TASK INSTRUCTIONS: The copy you produce must repeat each record exactly and contain no pictures.

(Image-backed grounding data)
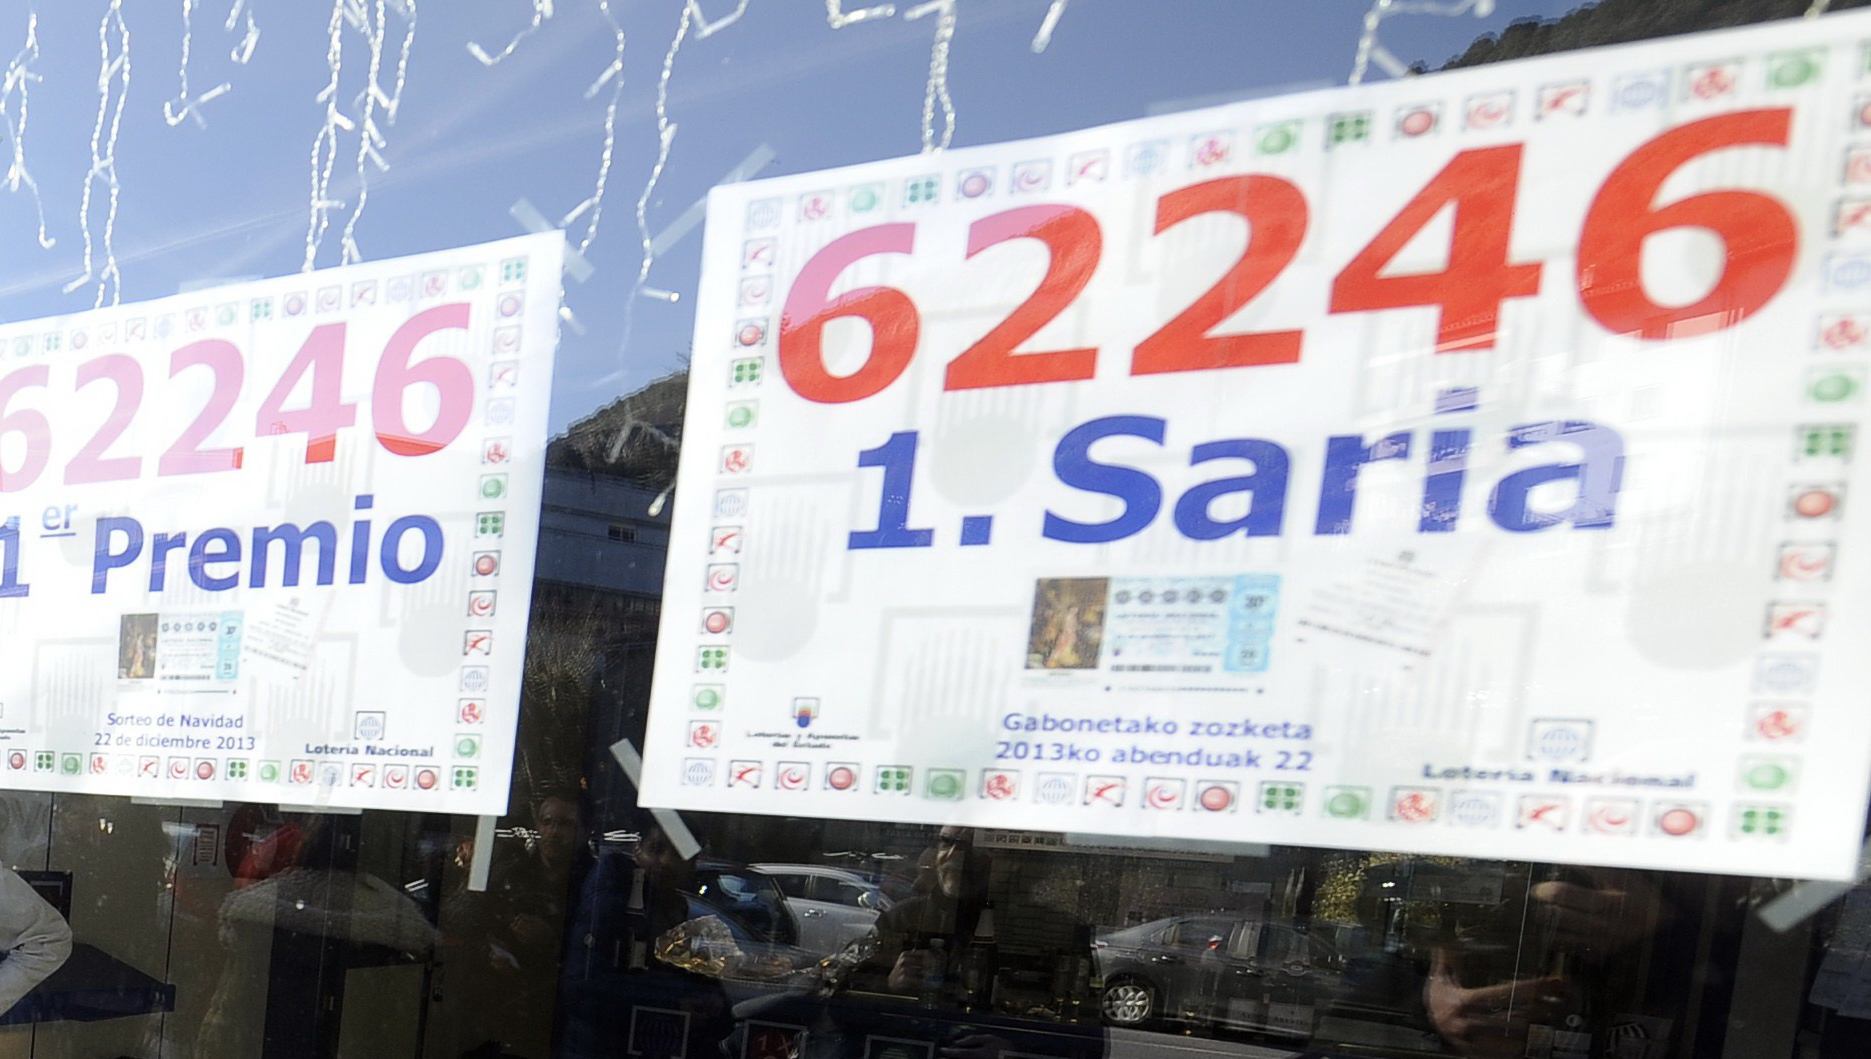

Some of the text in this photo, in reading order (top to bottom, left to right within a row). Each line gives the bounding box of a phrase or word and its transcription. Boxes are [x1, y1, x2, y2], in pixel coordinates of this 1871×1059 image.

[777, 106, 1801, 406] 62246
[846, 382, 1629, 550] 1. Saria
[90, 493, 444, 594] Premio
[107, 712, 244, 728] Sorteo de Navidad
[1002, 711, 1314, 740] Gabonetako zozketa
[94, 732, 256, 750] 22 de diciembre 2013
[365, 744, 434, 757] Nacional
[995, 740, 1314, 771] 2013ko abenduak 22
[1549, 767, 1696, 788] Nacional
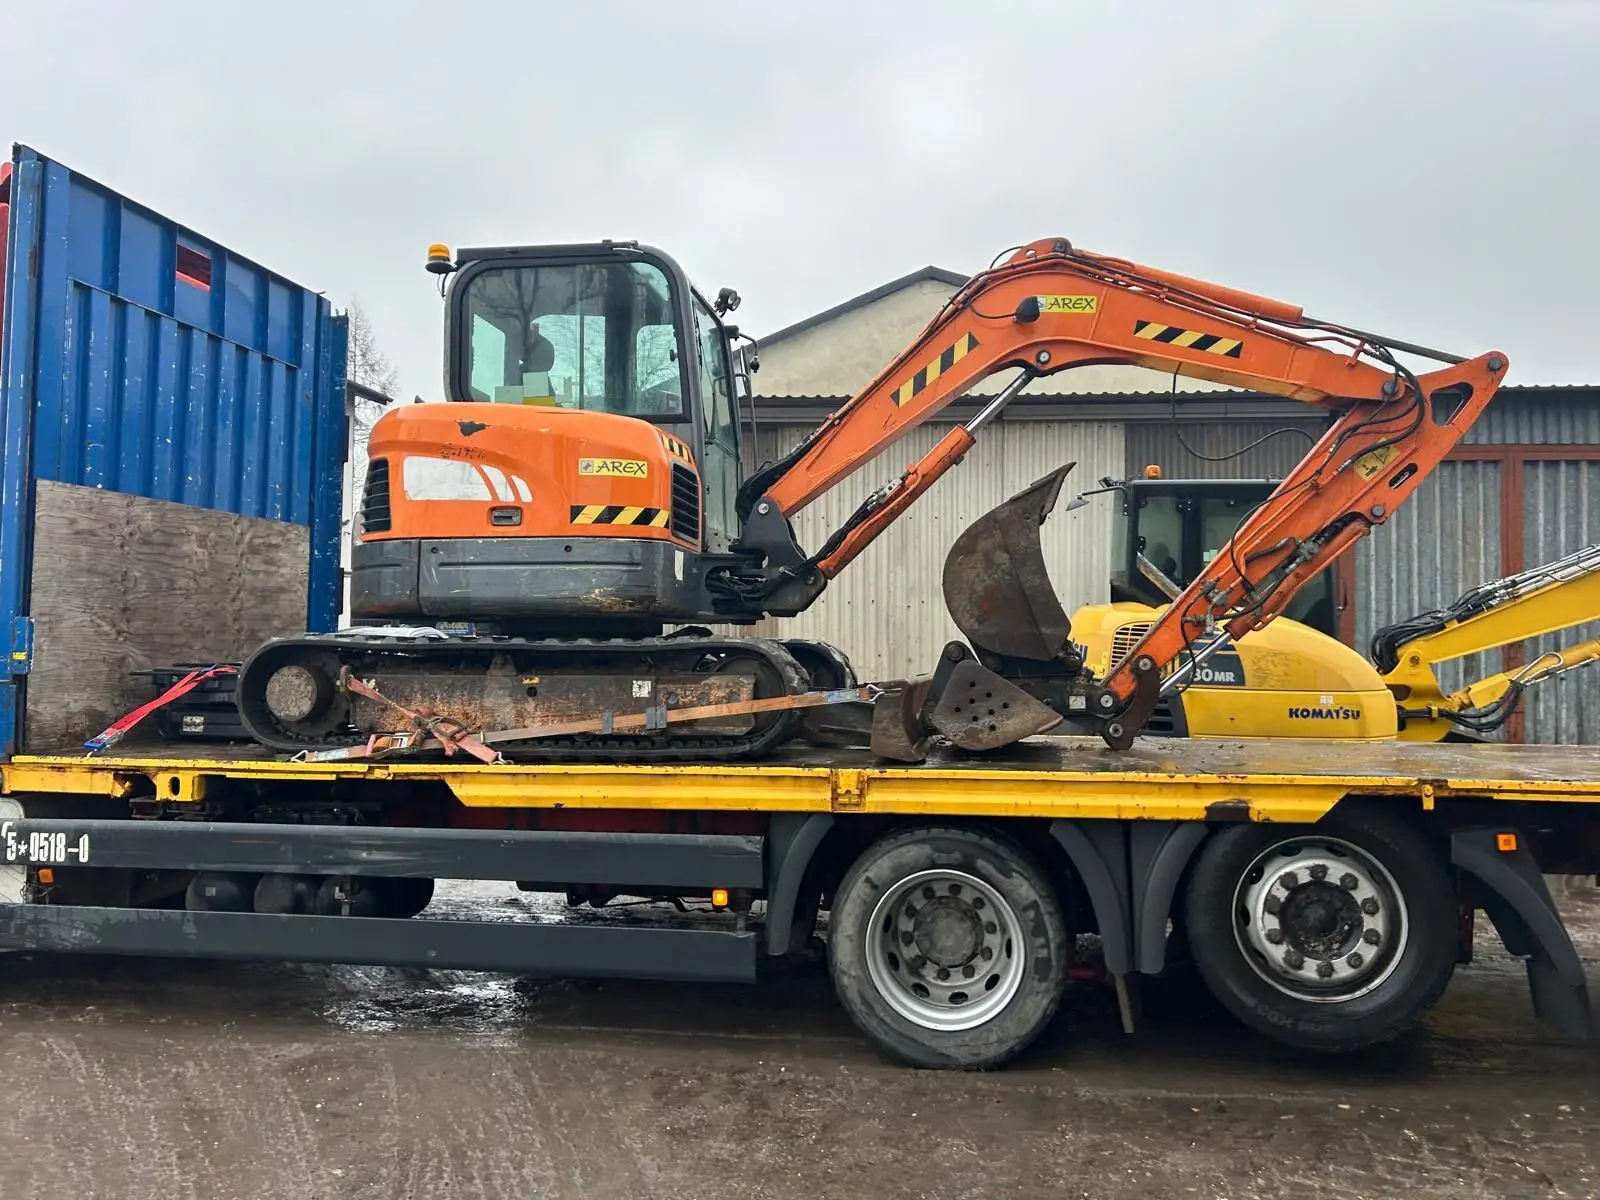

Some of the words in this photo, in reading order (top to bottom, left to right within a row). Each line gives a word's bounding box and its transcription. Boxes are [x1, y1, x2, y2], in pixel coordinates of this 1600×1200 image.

[1048, 297, 1094, 310] AREX
[596, 461, 645, 475] AREX
[1288, 706, 1360, 720] KOMATSU
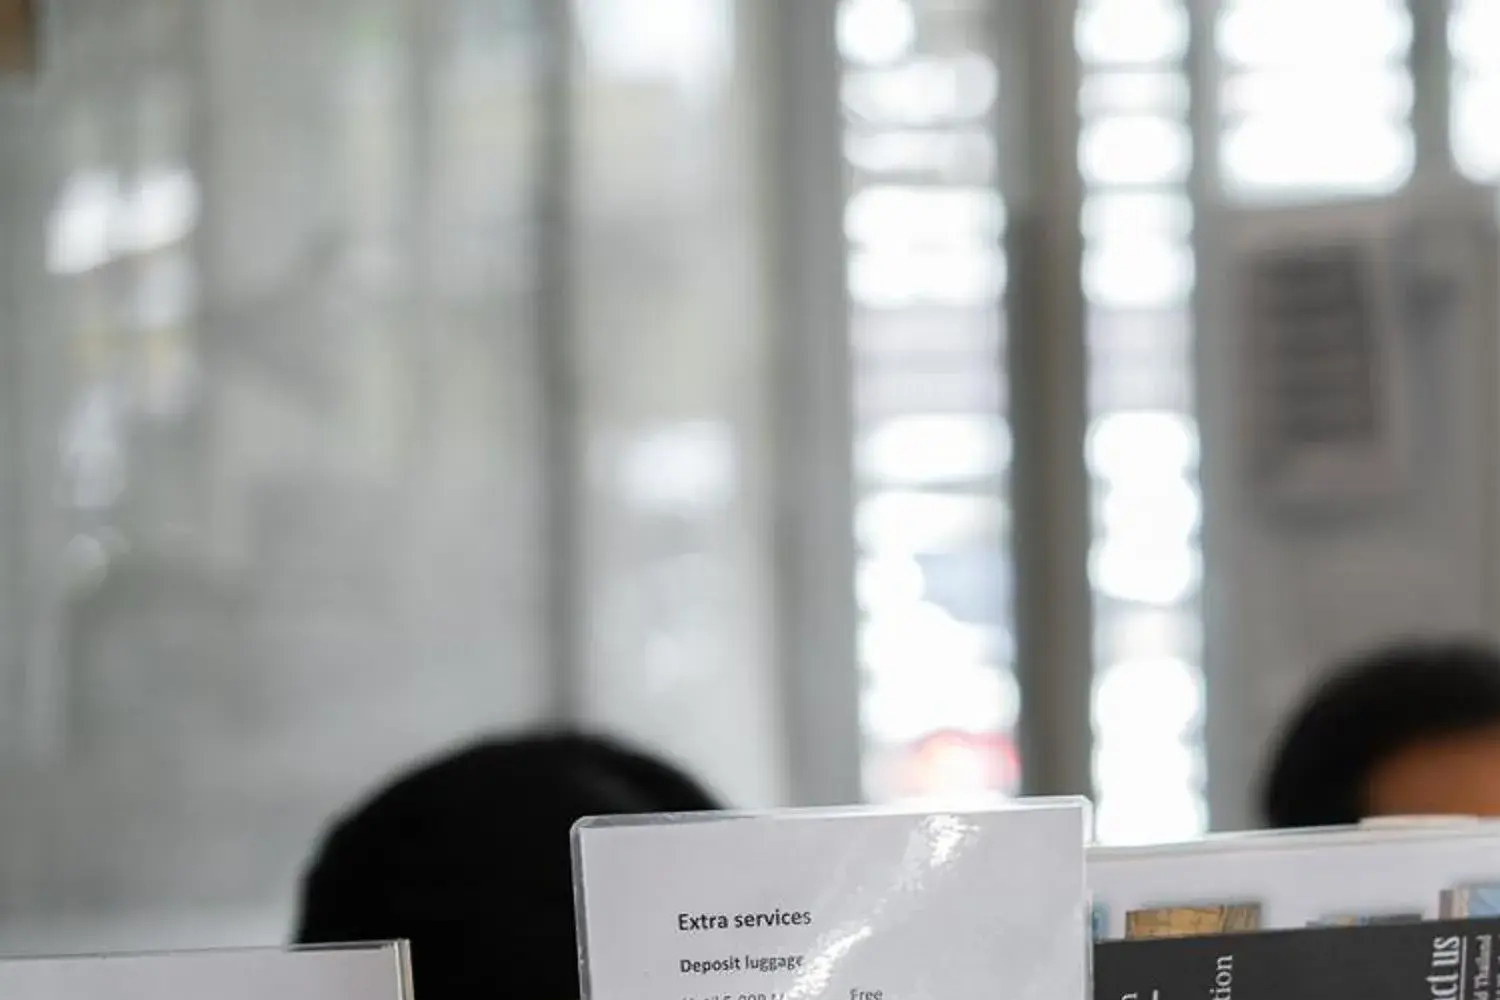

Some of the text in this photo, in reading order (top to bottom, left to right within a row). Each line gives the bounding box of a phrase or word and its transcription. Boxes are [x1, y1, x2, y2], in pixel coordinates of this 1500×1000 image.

[678, 909, 812, 931] Extra services
[1432, 936, 1460, 967] us
[680, 955, 741, 974] Deposit
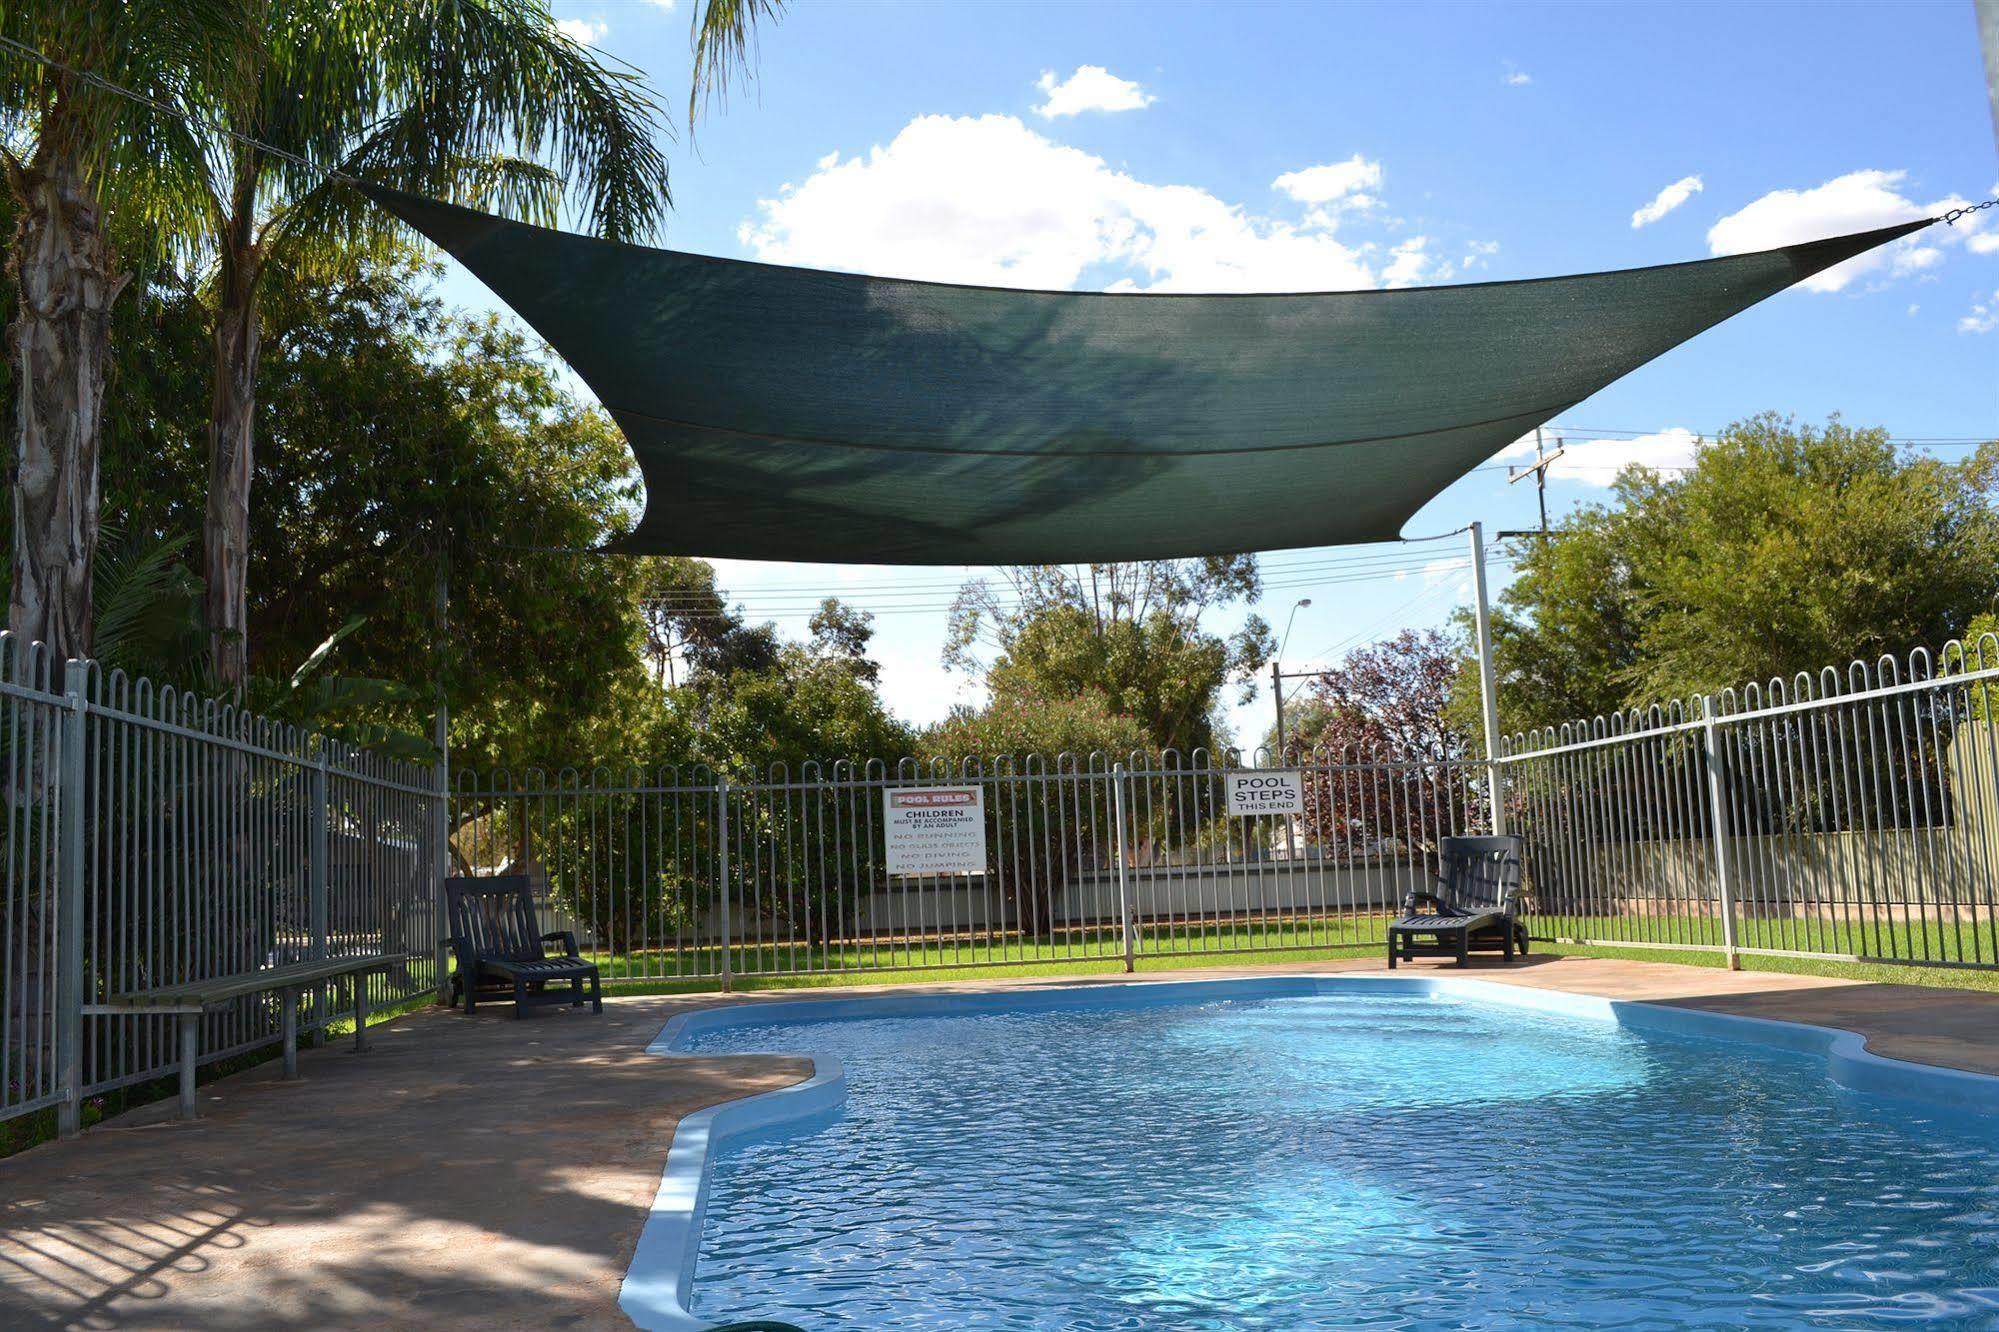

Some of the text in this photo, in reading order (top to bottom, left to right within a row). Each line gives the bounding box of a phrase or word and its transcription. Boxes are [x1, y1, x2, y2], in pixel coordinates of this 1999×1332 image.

[1238, 778, 1291, 789] POOL
[1235, 789, 1296, 801] STEPS
[906, 810, 963, 818] CHILDREN

RESULT:
Some of the text in this photo, in reading order (top to bottom, left to right within a row). Each line gives the bounding box of a phrase or word and its transcription. Boxes are [x1, y1, x2, y2], in pixel coordinates of this 1871×1059 image.

[777, 106, 1801, 406] 62246
[846, 382, 1629, 550] 1. Saria
[90, 493, 444, 594] Premio
[107, 712, 244, 728] Sorteo de Navidad
[1002, 711, 1314, 740] Gabonetako zozketa
[94, 732, 256, 750] 22 de diciembre 2013
[365, 744, 434, 757] Nacional
[995, 740, 1314, 771] 2013ko abenduak 22
[1549, 767, 1696, 788] Nacional

Some of the words in this photo, in reading order (top to bottom, left to right within a row). Each line gives a word's bounding box and its transcription. Boxes are [x1, y1, x2, y2], in pixel coordinates of this 1600×1200 image.

[1048, 297, 1094, 310] AREX
[596, 461, 645, 475] AREX
[1288, 706, 1360, 720] KOMATSU

Some of the text in this photo, in reading order (top to bottom, left to right within a row). Each line gives the bounding box of a phrase or word and its transcription. Boxes are [x1, y1, x2, y2], in pixel coordinates of this 1500×1000 image.

[678, 909, 812, 931] Extra services
[1432, 936, 1460, 967] us
[680, 955, 741, 974] Deposit

Some of the text in this photo, in reading order (top to bottom, left to right within a row). Each line gives the bounding box of a phrase or word and its transcription. Boxes are [x1, y1, x2, y2], in pixel coordinates of this 1999×1332 image.

[1238, 778, 1291, 789] POOL
[1235, 789, 1296, 801] STEPS
[906, 810, 963, 818] CHILDREN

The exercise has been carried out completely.